*** Block opens ***

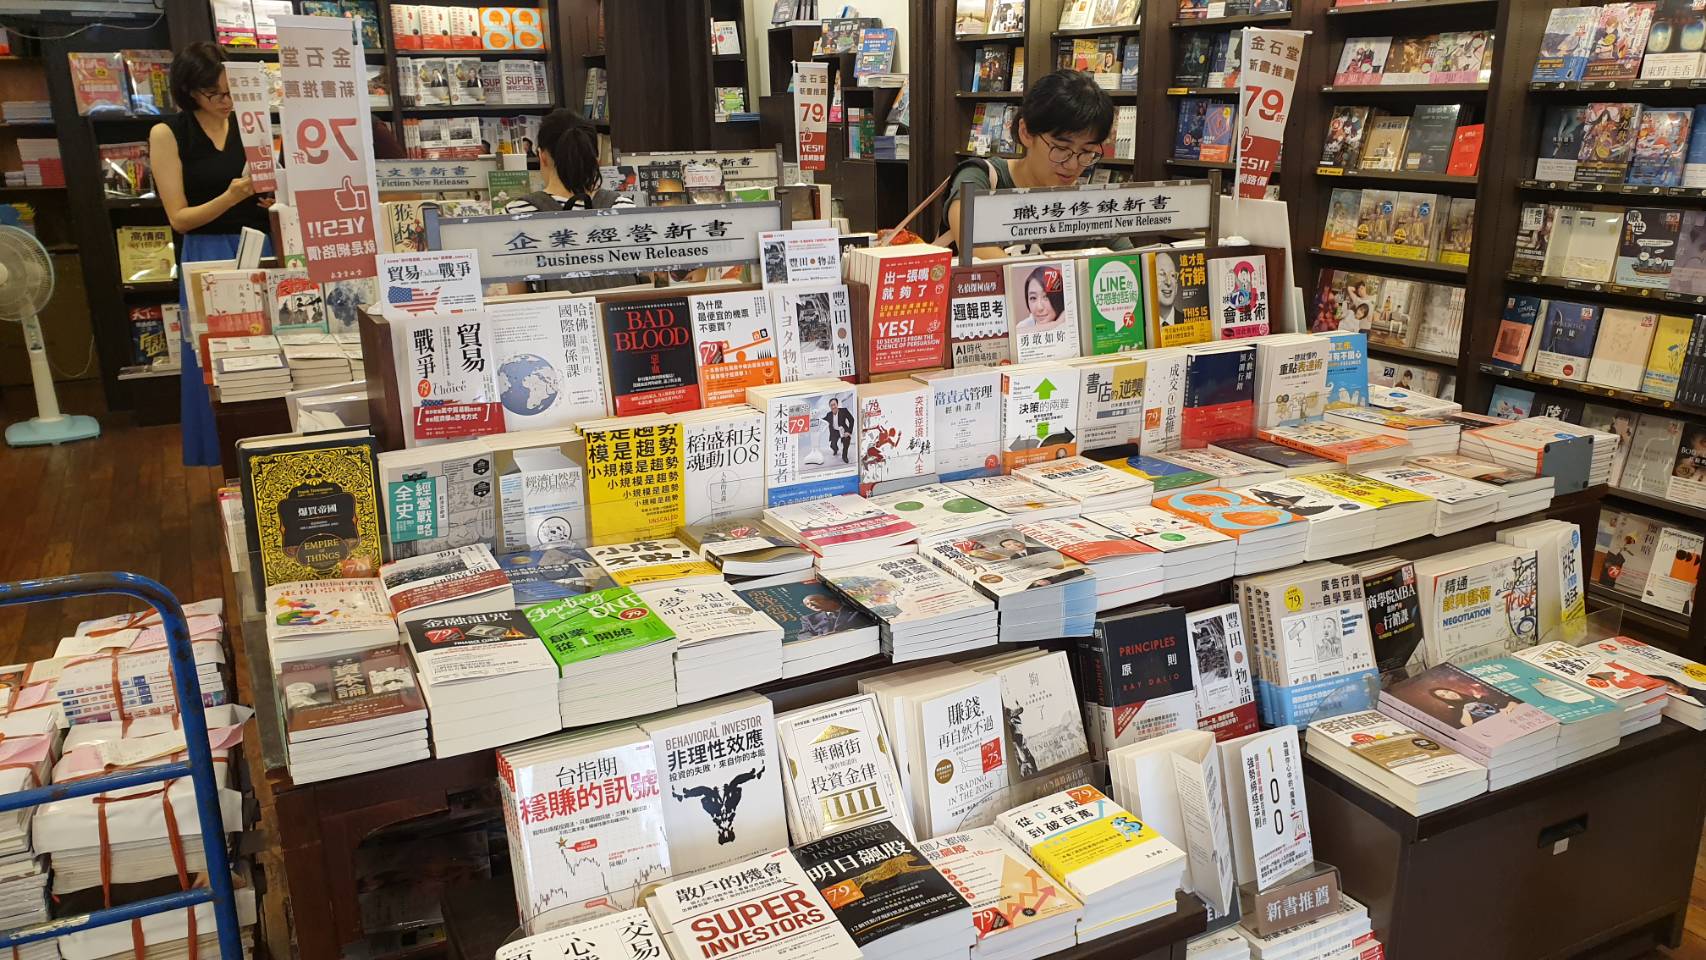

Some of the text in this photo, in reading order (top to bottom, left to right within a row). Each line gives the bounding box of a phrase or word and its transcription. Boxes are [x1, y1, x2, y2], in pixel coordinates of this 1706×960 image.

[1251, 35, 1299, 61] 金石堂
[505, 74, 534, 86] SUPER
[799, 75, 828, 84] 金石堂
[1249, 59, 1296, 82] 新書推薦
[802, 145, 824, 153] YES!!
[1240, 156, 1270, 172] ES!!
[382, 177, 470, 188] Fiction New Releases
[1013, 194, 1172, 220] 職場修鍊新書
[505, 219, 733, 251] 企業經營新書
[1010, 214, 1172, 237] Careers & Employment New Releases
[536, 245, 709, 269] Business New Releases
[1179, 253, 1206, 267] 這才是
[387, 265, 421, 283] 貿易
[438, 261, 472, 279] 戰爭
[883, 268, 930, 286] 出一張嘴
[1179, 266, 1206, 288] 行銷
[882, 284, 928, 301] 就夠了
[696, 299, 724, 311] 為什麼
[697, 308, 750, 322] 最便宜的機票
[832, 291, 847, 324] 豐田
[953, 300, 1004, 322] 邏輯思考
[1183, 305, 1209, 318] THIS IS
[1223, 303, 1267, 325] 會議術
[574, 303, 589, 332] 哈佛
[626, 307, 675, 331] BAD
[877, 319, 916, 338] YES!
[457, 322, 486, 373] 貿易
[558, 304, 581, 379] 國際關係課
[613, 327, 690, 353] BLOOD
[413, 328, 436, 379] 戰爭
[1018, 398, 1070, 415] 決策的兩難
[1165, 364, 1180, 434] 成交 思維
[790, 418, 808, 433] 79
[588, 436, 679, 465] 模是趨勢
[687, 426, 761, 454] 稻盛和夫
[775, 403, 789, 484] 未來智造者
[588, 456, 680, 480] 小規模是趨勢
[686, 444, 761, 473] 魂動108
[607, 471, 680, 491] 小規模是趨勢
[622, 483, 680, 500] 小規模是趨勢
[394, 484, 414, 521] 全史
[415, 481, 434, 537] 經營戰略
[304, 538, 340, 551] EMPIRE
[305, 552, 341, 563] THINGS
[1320, 573, 1361, 592] 廣告行銷
[1444, 575, 1469, 596] 精通
[588, 592, 643, 619] ONE
[1323, 587, 1363, 607] 自學聖經
[1442, 606, 1492, 628] NEGOTIATION
[1119, 635, 1177, 657] PRINCIPLES
[1225, 611, 1251, 705] 豐田 物語
[1148, 672, 1181, 687] DALIO
[665, 714, 763, 751] BEHAVIORAL INVESTOR
[938, 716, 995, 750] 再自然不過
[666, 729, 766, 773] 非理性效應
[811, 737, 861, 764] 華爾街
[556, 756, 618, 788] 台指期
[811, 762, 878, 795] 投資金律
[954, 775, 988, 793] TRADING
[519, 771, 661, 826] 穩賺的訊號
[948, 780, 994, 807] IN THE ZONE
[1071, 790, 1093, 802] 79
[1014, 800, 1079, 830] 從0存款
[1027, 810, 1095, 839] 到破百萬
[825, 822, 890, 846] FORWARD
[811, 832, 886, 861] INVESTING
[675, 860, 783, 902] 散戶的機會
[826, 885, 852, 903] 79
[1266, 884, 1330, 923] 新書推薦
[689, 888, 816, 943] SUPER
[972, 909, 994, 930] 79
[619, 918, 662, 960] 交易
[698, 907, 827, 960] INVESTORS
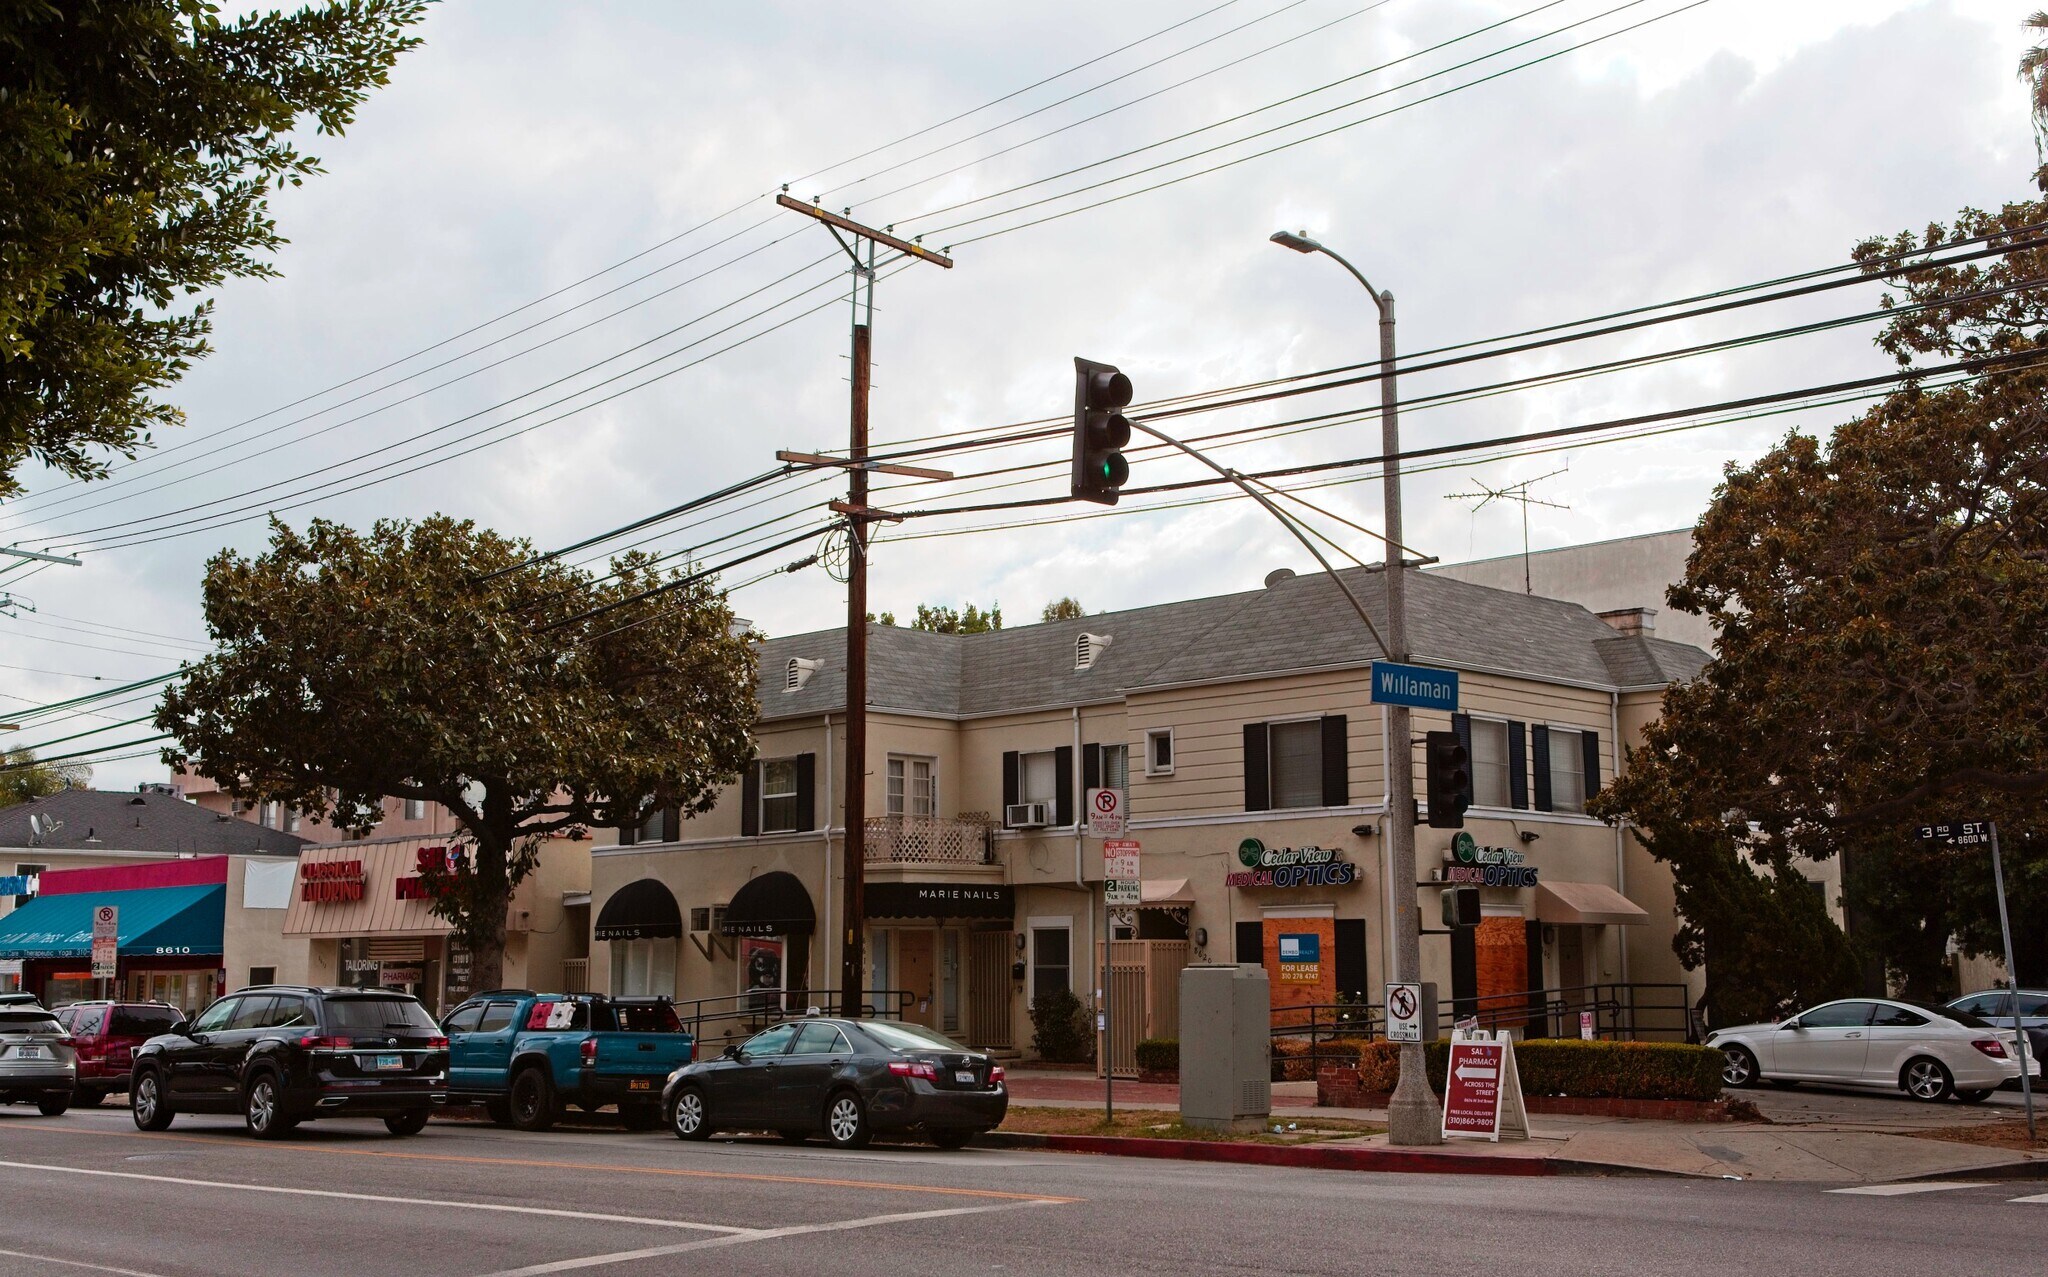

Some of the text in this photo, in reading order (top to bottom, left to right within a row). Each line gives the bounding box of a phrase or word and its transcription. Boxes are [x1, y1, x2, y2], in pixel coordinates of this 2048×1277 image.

*** Block closes ***

> **The task**:
Reproduce every record verbatim, please. Omit the images.

> **Exercise output**:
Some of the text in this photo, in reading order (top to bottom, left to right within a row). Each line gives the bounding box of a phrase or word and its transcription. Boxes are [x1, y1, x2, y2], in pixel coordinates of this 1706×960 image.

[1251, 35, 1299, 61] 金石堂
[505, 74, 534, 86] SUPER
[799, 75, 828, 84] 金石堂
[1249, 59, 1296, 82] 新書推薦
[802, 145, 824, 153] YES!!
[1240, 156, 1270, 172] ES!!
[382, 177, 470, 188] Fiction New Releases
[1013, 194, 1172, 220] 職場修鍊新書
[505, 219, 733, 251] 企業經營新書
[1010, 214, 1172, 237] Careers & Employment New Releases
[536, 245, 709, 269] Business New Releases
[1179, 253, 1206, 267] 這才是
[387, 265, 421, 283] 貿易
[438, 261, 472, 279] 戰爭
[883, 268, 930, 286] 出一張嘴
[1179, 266, 1206, 288] 行銷
[882, 284, 928, 301] 就夠了
[696, 299, 724, 311] 為什麼
[697, 308, 750, 322] 最便宜的機票
[832, 291, 847, 324] 豐田
[953, 300, 1004, 322] 邏輯思考
[1183, 305, 1209, 318] THIS IS
[1223, 303, 1267, 325] 會議術
[574, 303, 589, 332] 哈佛
[626, 307, 675, 331] BAD
[877, 319, 916, 338] YES!
[457, 322, 486, 373] 貿易
[558, 304, 581, 379] 國際關係課
[613, 327, 690, 353] BLOOD
[413, 328, 436, 379] 戰爭
[1018, 398, 1070, 415] 決策的兩難
[1165, 364, 1180, 434] 成交 思維
[790, 418, 808, 433] 79
[588, 436, 679, 465] 模是趨勢
[687, 426, 761, 454] 稻盛和夫
[775, 403, 789, 484] 未來智造者
[588, 456, 680, 480] 小規模是趨勢
[686, 444, 761, 473] 魂動108
[607, 471, 680, 491] 小規模是趨勢
[622, 483, 680, 500] 小規模是趨勢
[394, 484, 414, 521] 全史
[415, 481, 434, 537] 經營戰略
[304, 538, 340, 551] EMPIRE
[305, 552, 341, 563] THINGS
[1320, 573, 1361, 592] 廣告行銷
[1444, 575, 1469, 596] 精通
[588, 592, 643, 619] ONE
[1323, 587, 1363, 607] 自學聖經
[1442, 606, 1492, 628] NEGOTIATION
[1119, 635, 1177, 657] PRINCIPLES
[1225, 611, 1251, 705] 豐田 物語
[1148, 672, 1181, 687] DALIO
[665, 714, 763, 751] BEHAVIORAL INVESTOR
[938, 716, 995, 750] 再自然不過
[666, 729, 766, 773] 非理性效應
[811, 737, 861, 764] 華爾街
[556, 756, 618, 788] 台指期
[811, 762, 878, 795] 投資金律
[954, 775, 988, 793] TRADING
[519, 771, 661, 826] 穩賺的訊號
[948, 780, 994, 807] IN THE ZONE
[1071, 790, 1093, 802] 79
[1014, 800, 1079, 830] 從0存款
[1027, 810, 1095, 839] 到破百萬
[825, 822, 890, 846] FORWARD
[811, 832, 886, 861] INVESTING
[675, 860, 783, 902] 散戶的機會
[826, 885, 852, 903] 79
[1266, 884, 1330, 923] 新書推薦
[689, 888, 816, 943] SUPER
[972, 909, 994, 930] 79
[619, 918, 662, 960] 交易
[698, 907, 827, 960] INVESTORS

Some of the text in this photo, in reading order (top to bottom, left to right within a row). Each line gives the bounding box of a phrase or word and its transcription. Boxes are [x1, y1, x2, y2], in pixel coordinates of this 2048×1277 image.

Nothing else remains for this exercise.